The words for Wednesday are thought up by Mark Koopmans but they appear at Elephant's Child's blog:
Koozie And/or Castrated
Porche Chateau
Dinosaur Lego
Watergate Router
Douglas Suncream
Soften Freudian
This bunch of words is giving me a headache. As my tales of Susan is set in the 70es - my late childhood, early youth - many of these words are no-go: Susan never used suncream, Routers and Koozies were yet to be invented, Watergate did not mean anything to a child in Denmark. She had no idea of castrations, "Freudian" or Freud even - in the middle of the sexual revolution, children were still left to be children.
And after this weeding and pruning, I'm left with:
Porche, Dinosaur, Douglas, Soften, Chateau and Lego.
I have only a half-baked idea. Let's see if next weeks prompts will bring us more about this or go somewhere else.
"Good morning, children," Mum said cheerfully. "Rise and shine, today we're going on a trip to see the tallest tree in Denmark. Your Father has borrowed his chef's new car, it is a Porsche, and it is a pleasure to ride."
Susan and Linda moaned.
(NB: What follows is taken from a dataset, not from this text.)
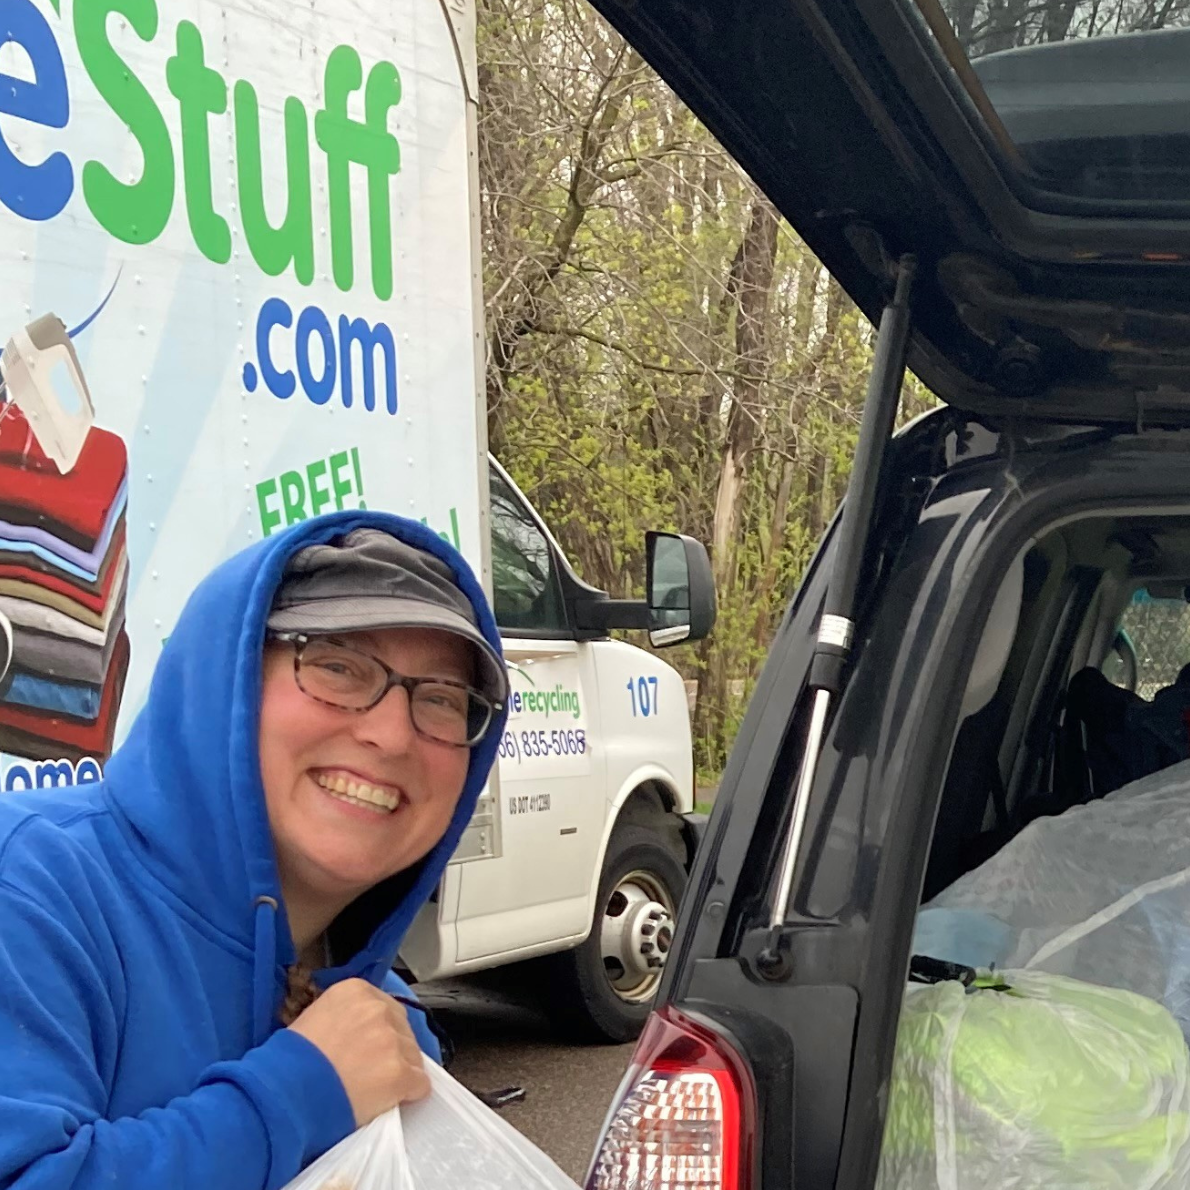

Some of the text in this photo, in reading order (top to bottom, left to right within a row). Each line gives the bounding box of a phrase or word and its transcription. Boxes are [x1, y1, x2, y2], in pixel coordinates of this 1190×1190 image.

[242, 297, 398, 415] .com
[256, 447, 367, 538] FREE!
[626, 676, 658, 717] 107
[521, 729, 586, 757] 835-5068
A long car ride to somewhere just to look at a tree? Mum looked at their faces. and tried to soften the news. "The trees grows near that Lego place you have been wanting to visit. And they have a new theme park with cowboys and a castle build of Legos, called the Chateau something. Now get up and pack your stuff, remember pajamas and so on, we're staying over at a hotel near the Lego park."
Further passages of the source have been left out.